South Africa-based Asher Karni faces felony charges for exporting nuclear bomb triggers to Pakistan.
But court files in the case include e-mail exchanges between Karni and Indian businessman Raghavendra “Ragu” Rao showing that the latter was trying secretly to buy material for two Indian rocket factories.
Rao, the marketing director of Bangalore-based Foretek Marketing (Pvt) Ltd, today said the company last dealt with Karni three to four years ago for acquiring sound and vibration equipment meant exclusively for auto companies.
“I have closed deals with him and his company three to four” years ago, Rao told PTI over the phone from Bangalore.
The files show Rao’s e-mails from India asked Karni to procure three kinds of high-tech equipment while concealing that they were meant for two rocket labs. The US restricts exports of missile-related material to two organisations, the Liquid Propulsion Systems Centre and the Vikram Sarabhai Space Centre.
One message from Rao warns Karni to “be careful to avoid any reference to the customer name”.

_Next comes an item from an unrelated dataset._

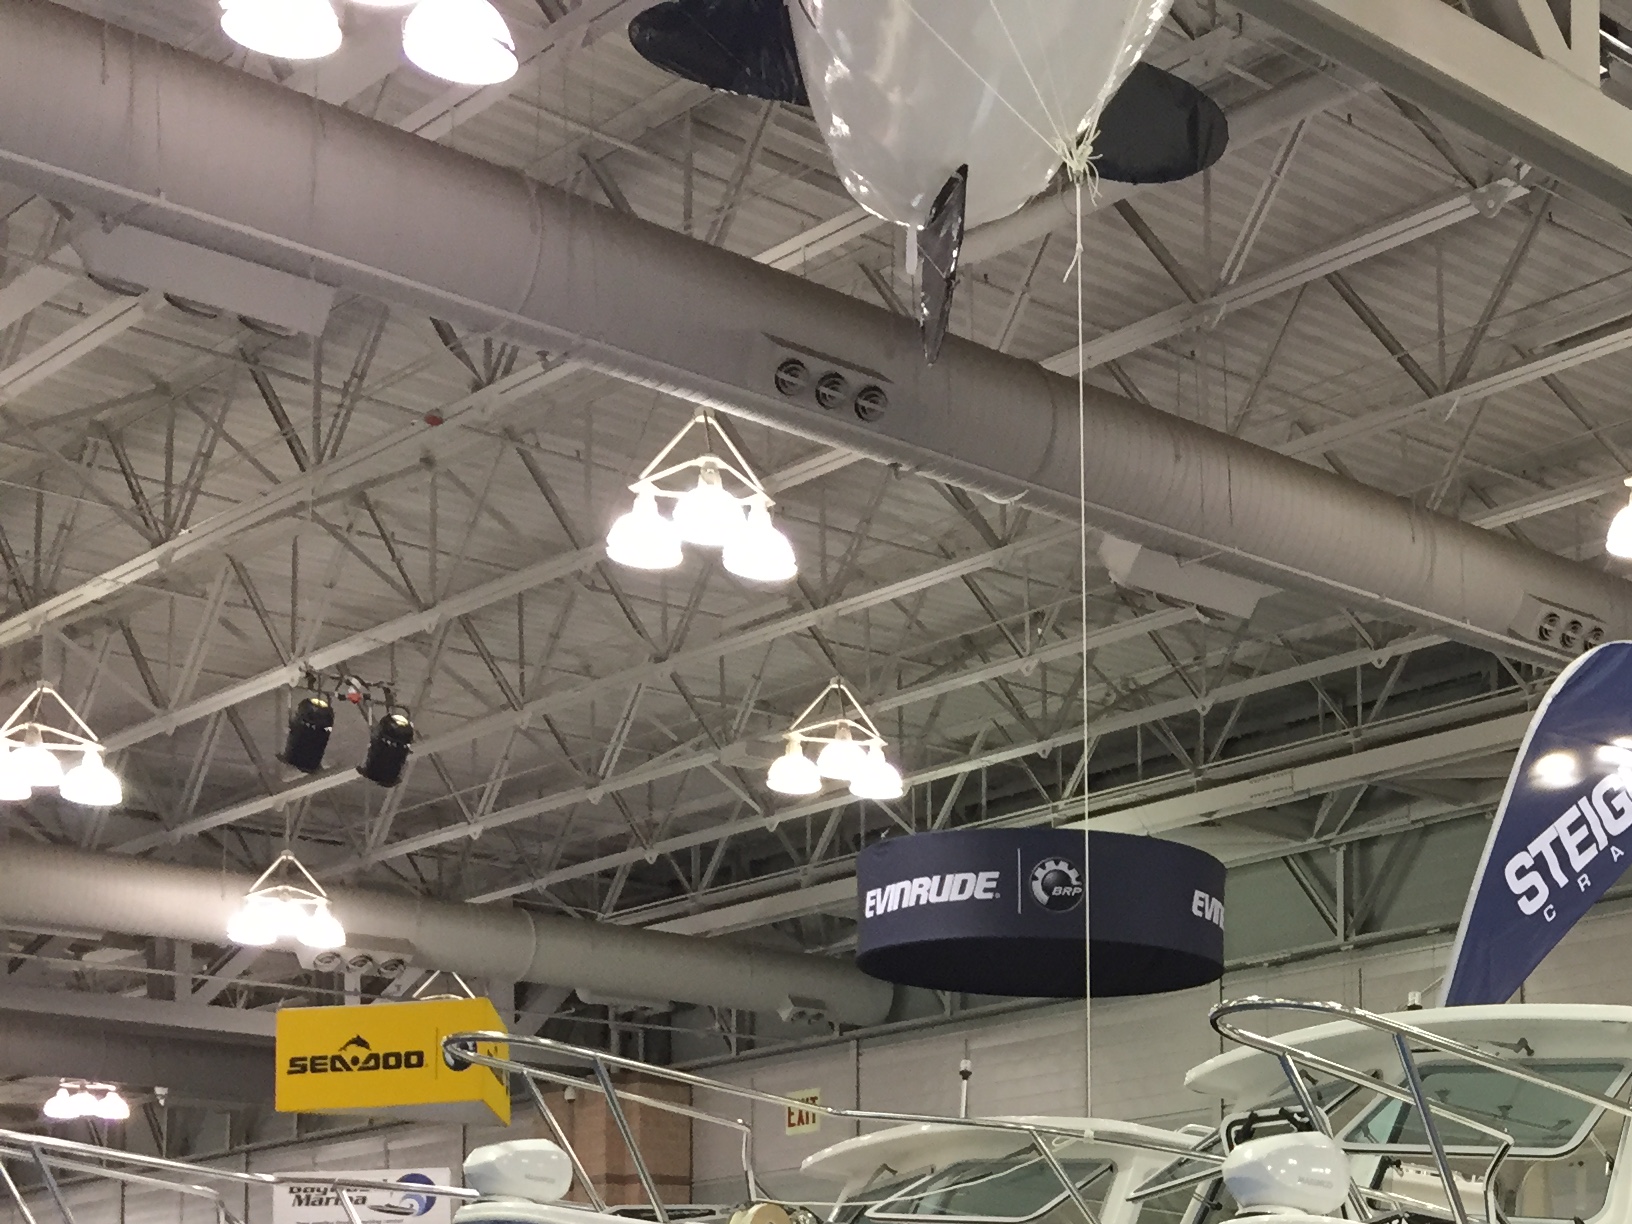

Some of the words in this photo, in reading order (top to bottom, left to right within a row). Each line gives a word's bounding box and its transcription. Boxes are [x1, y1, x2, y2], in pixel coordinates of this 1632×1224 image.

An August 2002 e-mail from Rao warns Karni to conceal the final customer of an accelerometer for the propulsion centre, noting its export is restricted because of its “possibility of being used in guidance systems for missiles”.
Rao denied the dealings had anything to do with supplying equipment to the rocket labs. He said Karni had got in touch with his company on his own, way back in 1998-99, as “we are representing certain foreign companies”. “But we closed dealings with him as we were not making much progress,” Rao said. They had last exchanged e-mails three to four years ago, he added.

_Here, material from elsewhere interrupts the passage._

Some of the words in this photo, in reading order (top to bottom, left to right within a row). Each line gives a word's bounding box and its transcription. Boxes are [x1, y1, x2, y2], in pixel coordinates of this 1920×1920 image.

Federal prosecutors said they found Rao’s e-mails while searching a laptop computer and six computer discs Karni had when he was arrested on New Year day on arriving in Denver for a ski vacation. The prosecutors filed the messages in court as part of their attempts to persuade US magistrate Judge Alan Kay to keep Karni behind bars before his trial.
After conferring with the judge yesterday, lawyers for both sides agreed to postpone a bond hearing for Karni until Tuesday.

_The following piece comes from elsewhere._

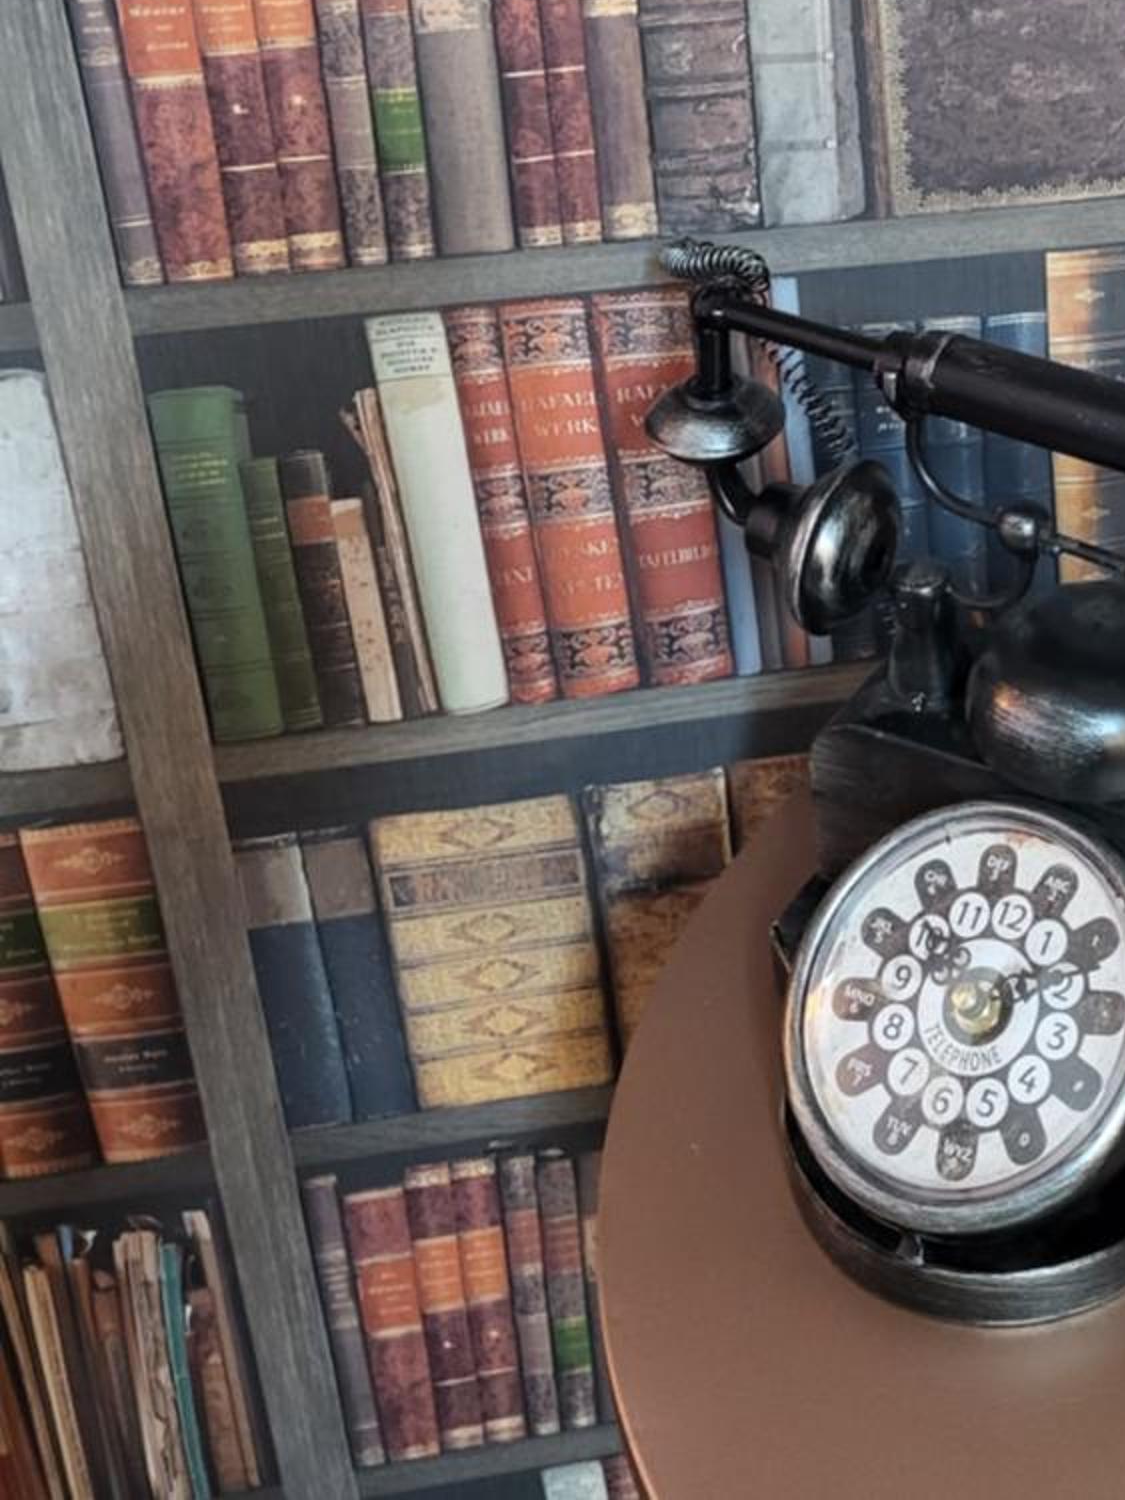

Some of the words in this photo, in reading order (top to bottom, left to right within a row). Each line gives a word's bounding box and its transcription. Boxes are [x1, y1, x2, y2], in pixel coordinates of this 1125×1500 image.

The criminal case against Karni centres around his efforts to buy triggered spark gaps from Perkinelmer Optoelectronics of Salem, Massachusetts. The devices can be used in machines to break up kidney stones, but exports are restricted because they also are key to triggering nuclear detonations.
Karni, 50, has pleaded innocent. Authorities accuse him of using front companies and falsified documents to buy nuclear bomb triggers in the US and ship them to Pakistan.
The US is pressing Pakistan to shut down the black-market network it used to supply its nuclear weapons programme and, in turn, to supply Iran, North Korea and Libya.
The father of Pakistan’s nuclear programme, Abdul Qadeer Khan, this month said he ran the network but insisted Pakistan’s government was not involved.
The court files also include records of other deals Karni made with his Pakistan contact, Humayun Khan of the company Pakland PME. One involved the urgent request last May to buy infrared sensors for AIM-9L sidewinder missiles, which Pakistan uses on its F-16 fighter planes for air-to-air combat.